La nostra borghesia intellettuale a lungo schizzinosa e infastidita dai Ferragnez per quel cumulo di disvalori, soldi, griffe, lusso anche molto pacchiano e fiera incapacità di capire che tipo di lavoro facesse lei, corre in soccorso dell’influencer. Si congratula per il gesto sovversivo e coraggioso. Loro, d’altro canto, cioè i Ferragnez, non sono più quelli di prima. Sembrano anzi lontanissimi i tempi in cui si tiravano la lattuga addosso nel supermercato preso in affitto e addobbato a festa. Sembrano lontanissime le polemiche con la blacklist dei rider per le mance micragnose (ma lì un’avvisaglia c’era stata, con la replica di Fedez che diceva, “cari miei, la lotta di classe è altro”, evidentemente stava già studiando).
Ma c’è anche l’assurdità di quelli che si scagliano contro la “dittatura del politicamente corretto” (in Italia), quelli che “nel concerto del Primo maggio non si deve fare politica” e poi obiettano a Fedez che non può mica andare sul palco e parlare “senza contraddittorio”. Come se i Rolling Stones tra una strofa e l’altra di “Sympathy for the Devil” fossero tenuti a farsi il segno della croce per par condicio. La storia di Fedez è infondo sempre la stessa. Casomai acuita in questo caso dal fatto che il personaggio è spesso raccontato dai media come “il marito di”, e per giunta con una mamma-manager assai ingombrante che gestisce gli affari e paga i conti. C’è tutto: crisi della mascolinità, arresto della crescita, molto Edipo, e parecchio Alberto Sordi anni Cinquanta, in quei film in cui era sempre ostaggio di madri e mogli più forti e risolute di lui. Che fare dunque per uscire allo scoperto e farsi notare un po’?
Il protocollo italiano è sempre quello. Intestarsi almeno una battaglia civile (ovviamente solo quelle giuste), tra il secondo e il terzo o quarto disco/film/libro di successo, come tappa obbligata della propria “crescita artistica”. Poi a ruota chiedere scusa per le cose raccontate/cantate nei dischi/film/libri precedenti. “Ho sbagliato a dire cose omofobe in passato”, confessa adesso Fedez rievocando battutacce da bagaglino su Tiziano Ferro. “Ero giovane. Oggi sono cambiato, ho anche invitato una trans nel mio podcast” (evoluzione digitale di “ho molti amici gay”). Ecco il demone dell’impegno, la vertigine della denuncia. Quando vendere dischi, collezionare milioni di visualizzazioni, fare beneficenza, vincere l’Ambrogino d’oro non basta più, si fa strada il bisogno di riconoscimento. Anche perché nessun giornale si sarebbe mai filato Fedez per questioni strettamente “artistiche”. Le denunce poi non sono tutte uguali. Ci vuole il contesto giusto, tutta una liturgia specifica (Sanremo, il concertone di Piazza San Giovanni vanno bene, un qualche Festivalbar no, anche perché lì gli sponsor si incazzano sul serio).
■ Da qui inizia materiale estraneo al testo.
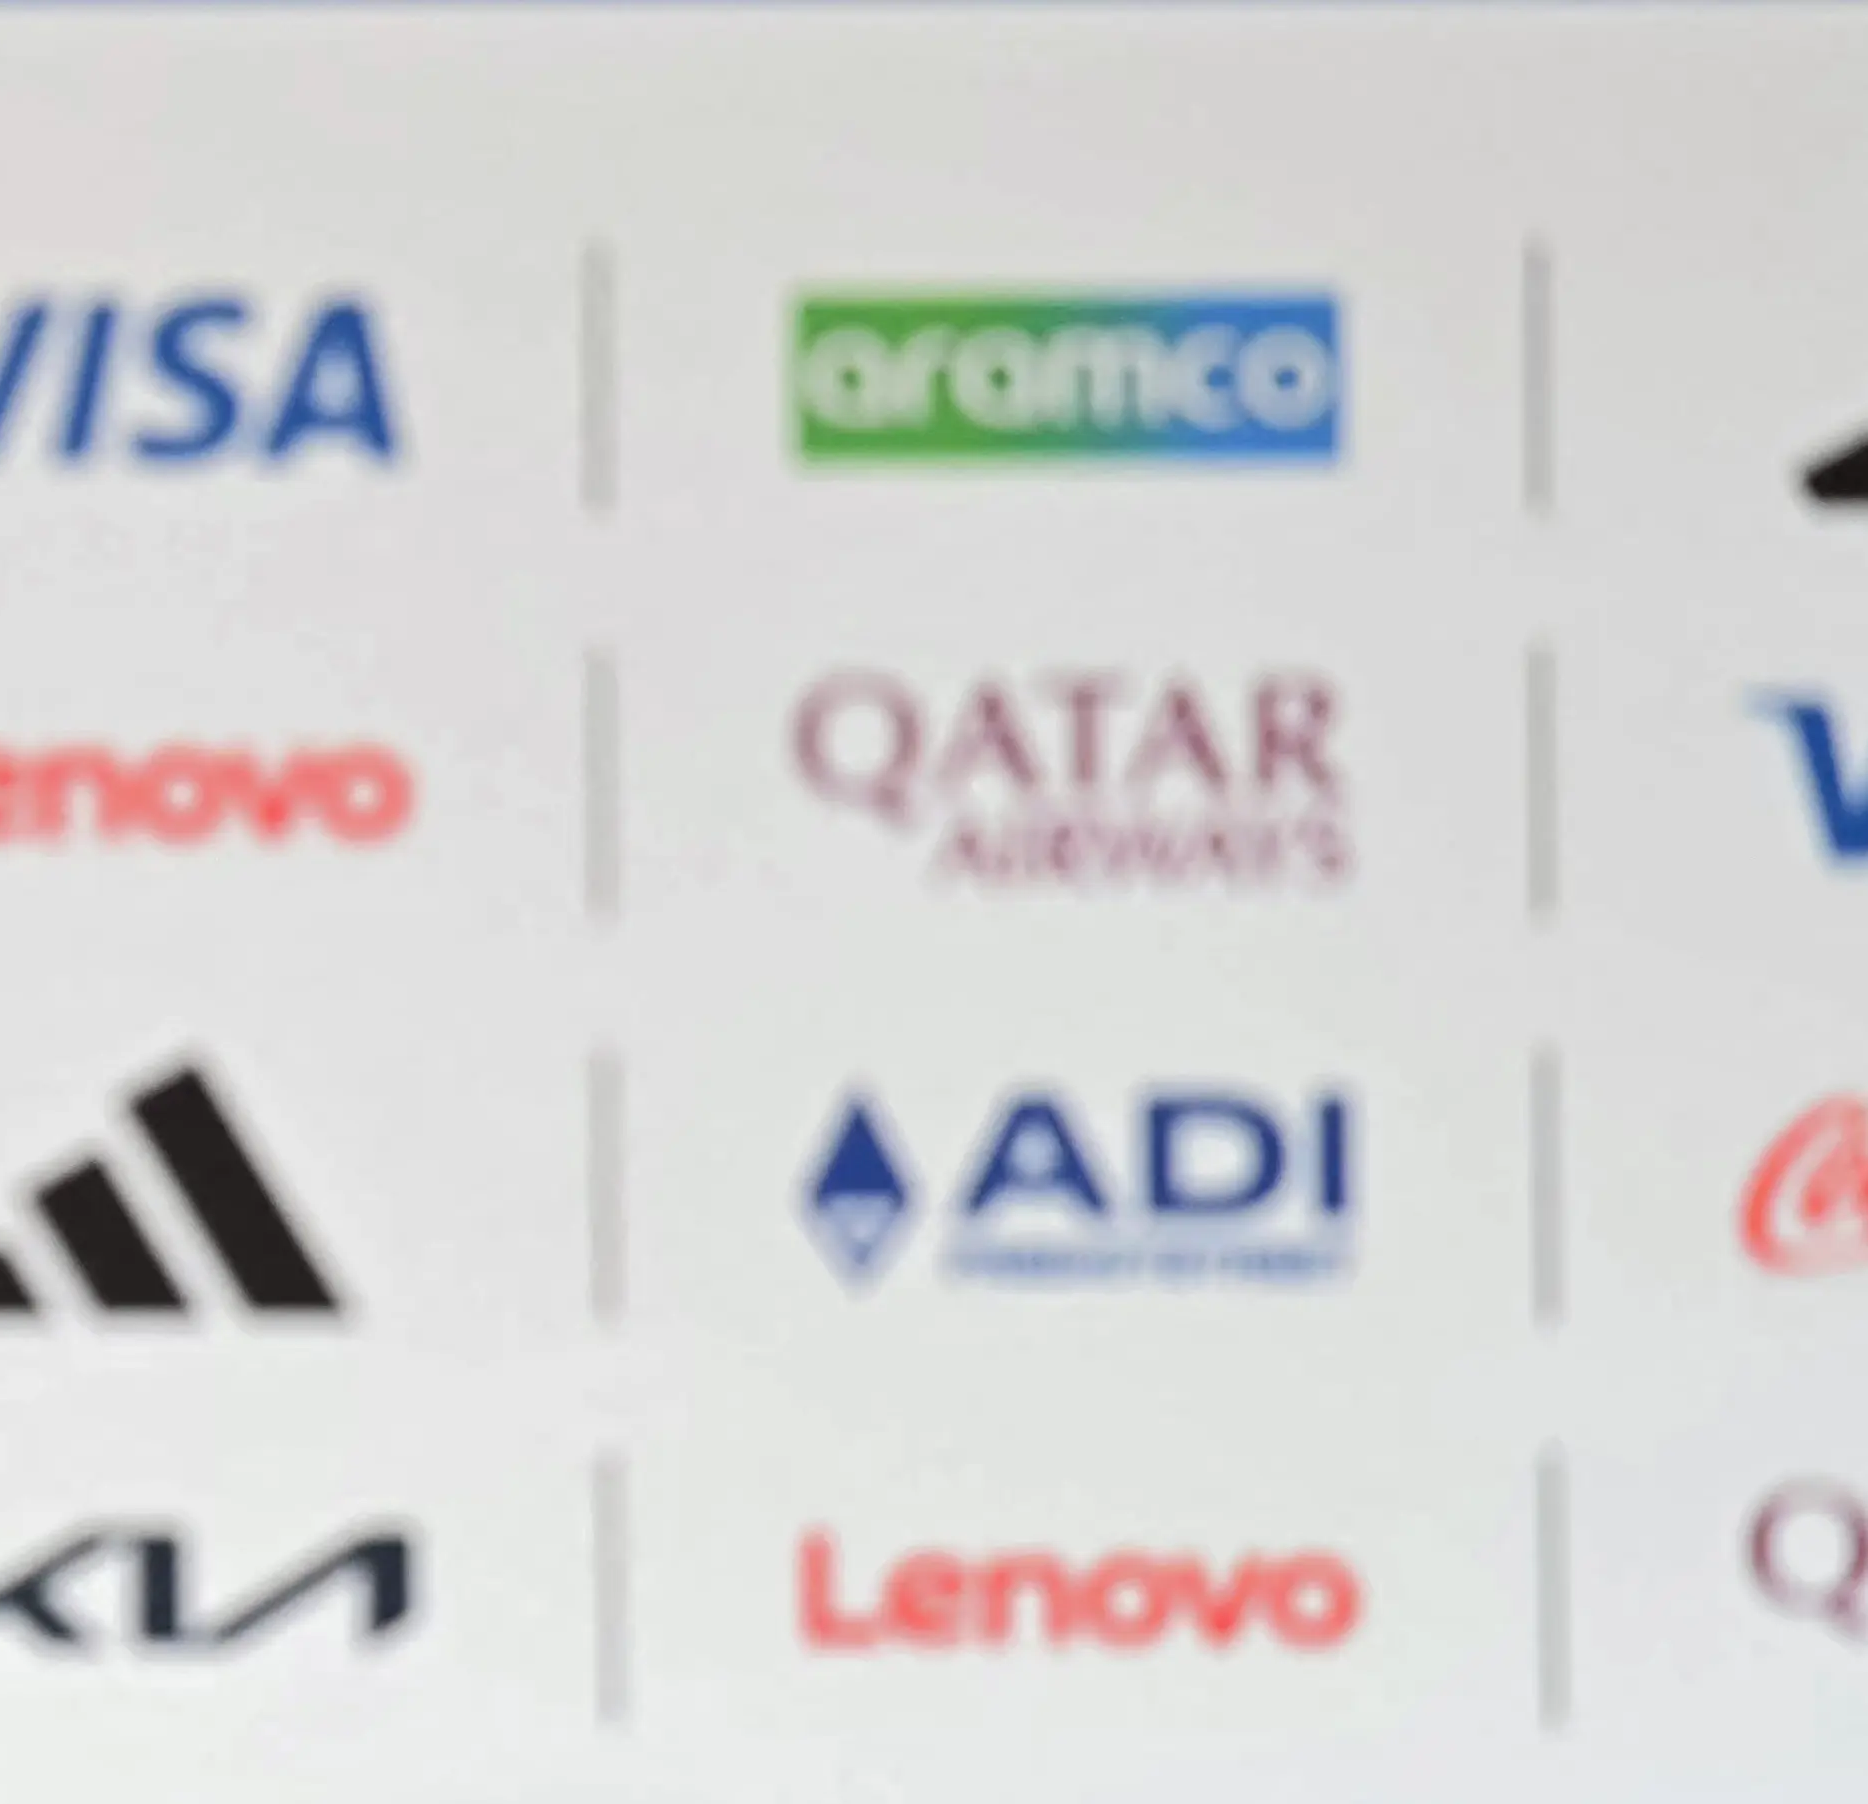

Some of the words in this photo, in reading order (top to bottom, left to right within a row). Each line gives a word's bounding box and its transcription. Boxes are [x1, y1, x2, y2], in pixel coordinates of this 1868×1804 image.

[804, 322, 1335, 432] aramco
[790, 673, 1341, 832] QATAR
[959, 1092, 1352, 1221] ADI
[796, 1530, 1365, 1653] Lenovo
Eppure, volendo alzare una volta tanto l’asticella, ci saremmo trovati tra le mani un bel tema. Non tanto quello ormai trito e ritrito dei social che guardano dall’alto in basso la televisione. Bensì quello della formidabile giravolta del Primo maggio da festa dei diritti dei lavoratori a festa dei diritti civili ed emblema di una nuova primavera “gender fluid”.
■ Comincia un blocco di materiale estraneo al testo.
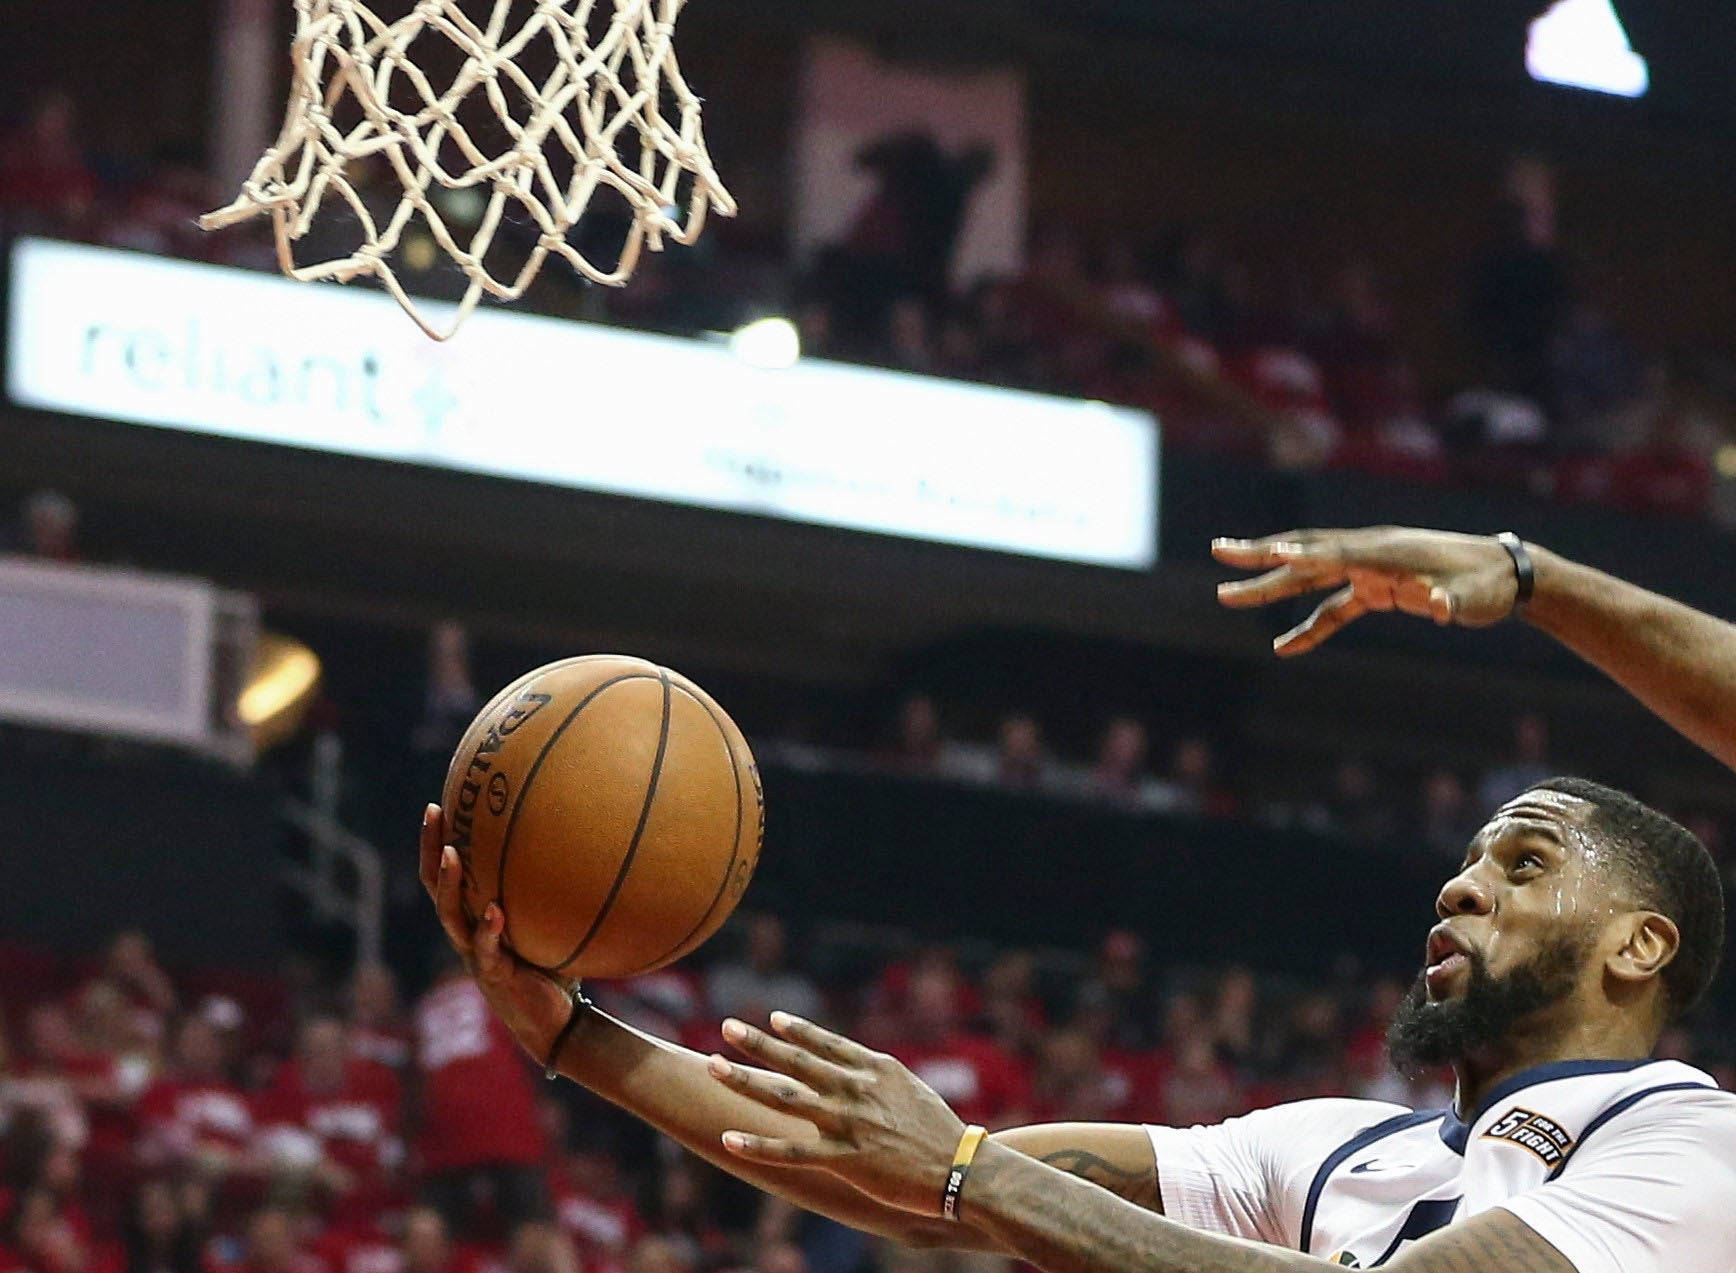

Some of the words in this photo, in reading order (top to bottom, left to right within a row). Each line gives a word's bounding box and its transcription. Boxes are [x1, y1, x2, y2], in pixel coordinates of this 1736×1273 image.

Qui c’è, per dire, tutta la parabola della sinistra teorizzata da Augusto Del Noce già nei primi anni Settanta. C’è l’irrimediabile trasformazione del Pci in partito neoborghese, certo, ma soprattutto la sostituzione della religione del lavoro con la teologia della liberazione sessuale, un passaggio epocale che a Del Noce stava assai a cuore. Il progetto di una sinistra che in futuro avrebbe esercitato un’attrattiva solo su quei temi, e di una società il cui nucleo morale sarebbe stato un giorno tutto racchiuso nel desiderio, nella reinvenzione della propria identità sessuale, eccetera. Certo, sarebbe stato chiedere troppo. Solo che a conti fatti non si è parlato granché neanche nel Ddl Zan. La disoccupazione, la sicurezza sul lavoro, l’unità sindacale hanno ceduto il posto all’omotransfobia che a sua volta ha subito innescato uno stralunato, ubriaco dibattito sulla lottizzazione della Rai, sulla “censura” degli artisti, sulla Lamborghini di Fedez. Ritenuta però subito inadeguata per buttare giù “il sistema”.